65.本技术在一较佳示例中可以进一步配置为:所述分词处理模块包括,
66.模糊匹配子模块,用于基于型号对所述商品信息进行模糊匹配,若模糊匹配成功,得到匹配结果;
67.截断匹配子模块,用于在型号的模糊匹配失败时,对型号进行截断匹配,若截断匹配成功,则得到匹配结果;
68.属性词子模块,用于针对所述匹配结果,先判断是否包含属性词;
69.目标词组子模块,用于在存在属性词时,再进行分词转换处理得到分词词组,采用字典树分词法对所述分词词组进行提取,得到目标词组。
70.本技术在一较佳示例中可以进一步配置为:所述词性确定模块包括,
71.理论词性单元,用于根据预设的数据库关系,映射确定提取的所述目标词组对应的理论词性;
72.同义词单元,用于将所述理论词性与数据库中的商品属性进行匹配,查询所述理论词性的同义词,得到含有多个词性的多个词组;
73.词性确定单元,用于基于用户历史输入数据的统计结果对所述词组的词性进行概率预测,选取概率最大的所述词性作为所述目标词组对应的词性。
74.本技术在一较佳示例中可以进一步配置为:所述初始数据集子模块包括,
75.sku单元,用于在所述表格文件中进行商品最小出库单位的sku匹配,得到sku号;
76.商品类别单元,用于基于所述sku号,进行商品类别匹配,得到商品类别;
77.商品品牌单元,用于根据所述商品类别,进行商品品牌匹配,得到商品品牌;
78.规则匹配单元,用于对所述商品品牌执行规则匹配,得到初始数据集。
79.本技术在一较佳示例中可以进一步配置为:所述表格文件获取模块包括,
80.实时表格样本数据单元,用于实时获取用户纠正目标时产生的表格样本数据。
81.本技术在一较佳示例中可以进一步配置为:所述目标词组子模块包括,
82.归一化单元,用于基于所述匹配结果进行字符归一化,得到第一词组;
83.词语拆分单元,用于对所述第一词组进行词语拆分,得到第二词组;
84.词性选举单元,用于根据所述第二词组进行词性选举,得到所述分词词组。
85.本技术在一较佳示例中可以进一步配置为:所述分词处理模块还包括,
86.不可分词组子模块,用于在截断匹配失败时,将所述商品信息划分至不可分词组,并监测所述商品信息的用户点击量;
87.剔除子模块,用于在所述商品信息的用户点击量达到预设阈值时,将所述商品信息从所述不可分词组中间剔除,并重新进行模糊匹配。

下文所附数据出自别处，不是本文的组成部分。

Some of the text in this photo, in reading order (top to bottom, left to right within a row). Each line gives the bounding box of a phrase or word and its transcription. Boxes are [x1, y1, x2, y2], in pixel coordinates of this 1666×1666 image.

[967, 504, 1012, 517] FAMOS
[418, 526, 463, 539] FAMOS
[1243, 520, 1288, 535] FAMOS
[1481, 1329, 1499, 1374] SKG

88.本技术在一较佳示例中可以进一步配置为:所述关键信息提取模块包括,
89.订单数据单元,用于获取的订单数据,汇聚至数据仓库里;
90.字典分词单元,用于对所述数据仓库的所述订单数据的所有商品相关词汇采用字典分词法进行分词;
91.商品知识图谱单元,用于使用深度学习模型对所述分词的所有词组进行学习,得到包含由产品关键词、分类和属性形成关系链路,以及不同的商品之间的关联关系的商品知识图谱。
92.第三方面,本技术提供一种计算机设备。
93.本技术是通过以下技术方案得以实现的:
94.一种计算机设备,包括存储器、处理器以及存储在所述存储器中并可在所述处理器上运行的计算机程序,所述处理器执行所述计算机程序时实现上述任意一种基于表格的关键信息提取方法的步骤。
95.第四方面,本技术提供一种计算机可读存储介质。
96.本技术是通过以下技术方案得以实现的:
97.一种计算机可读存储介质,所述计算机可读存储介质存储有计算机程序,所述计算机程序被处理器执行时实现上述任意一种基于表格的关键信息提取方法的步骤。

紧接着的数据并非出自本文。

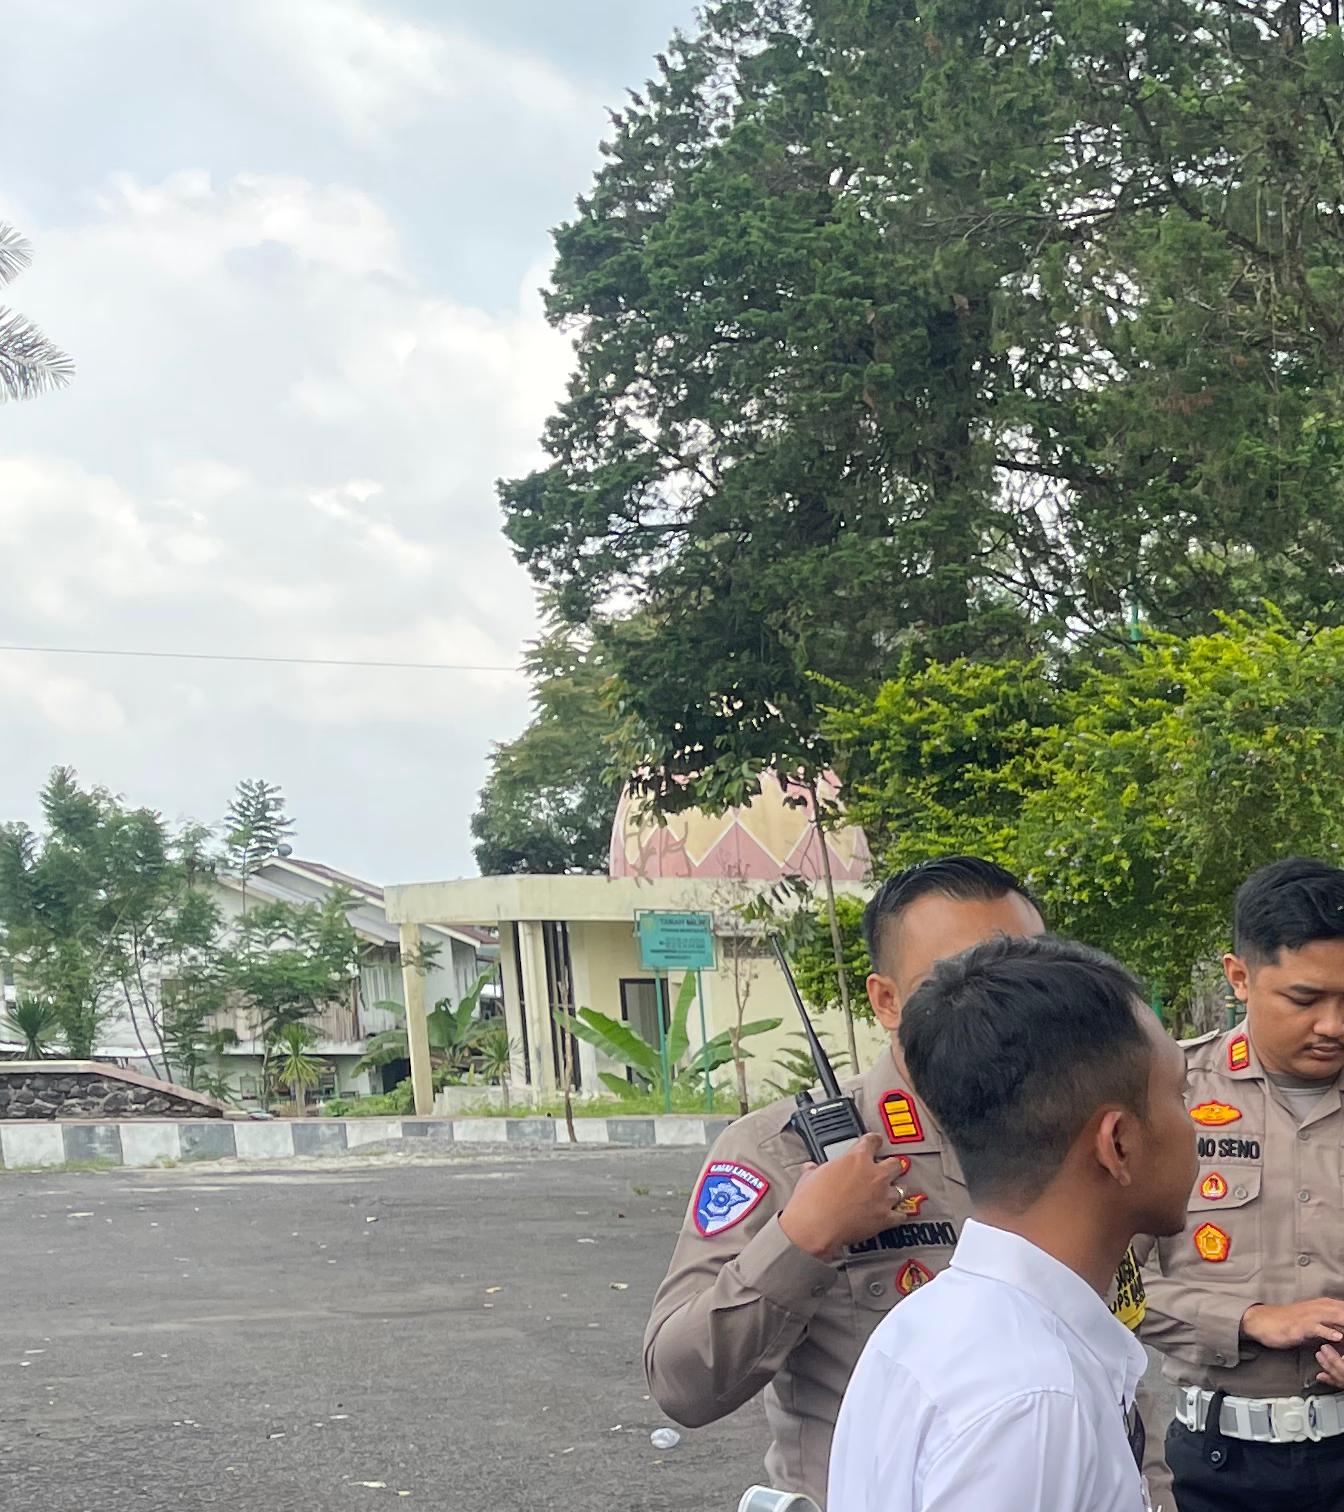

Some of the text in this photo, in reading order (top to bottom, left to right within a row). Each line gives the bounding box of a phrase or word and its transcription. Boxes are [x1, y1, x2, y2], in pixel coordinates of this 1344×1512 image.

[1218, 1138, 1260, 1160] SENO
[732, 1166, 764, 1189] LINTAS
[880, 1222, 957, 1250] NUGROHO

98.综上所述,与现有技术相比,本技术提供的技术方案带来的有益效果至少包括:
99.获取表格文件,采用训练好的朴素贝叶斯算法模型对表格里的每项表头的文字进行识别,确定每项表头对应的表头类型,其中,同一表头类型采用至少两种词语表达,使未来输入相似词语也可以实现智能识别,即可以识别同一表头类型的不同词语表达,相比于其他语义识别算法的分类效果更精准,且通过把已知数据收集起来用于进行监督学习训
练,通过训练可以把多种规则更精细化区分,能够提高表格关键信息提取时的适用性;基于表头类型,获取每项表头类型对应的商品信息;根据商品信息,进行分词转换处理,确定目标词组,以通过分词转换处理滤除重复的词语,减少关键信息提取时的干扰因子,达到初步降噪效果;按照目标词组,结合预设的数据库关系,确定目标词组对应的词性,以预测目标词组的所有可能词性;基于商品知识图谱中的产品关键词、分类和属性组成的关系链路,结合词性,提取关键信息,以过滤不在任何关系链路中存在的词语,从表头对应的文字内容里去除不相干的词语,得到高度相关的关键词,达到二次降噪效果,进而改善了表格关键信息提取时的容错性,提高了从表格中提取所需商品关键信息的准确率。
附图说明
100.图1为本技术一个示例性实施例提供的一种基于表格的关键信息提取方法的主要流程示意图。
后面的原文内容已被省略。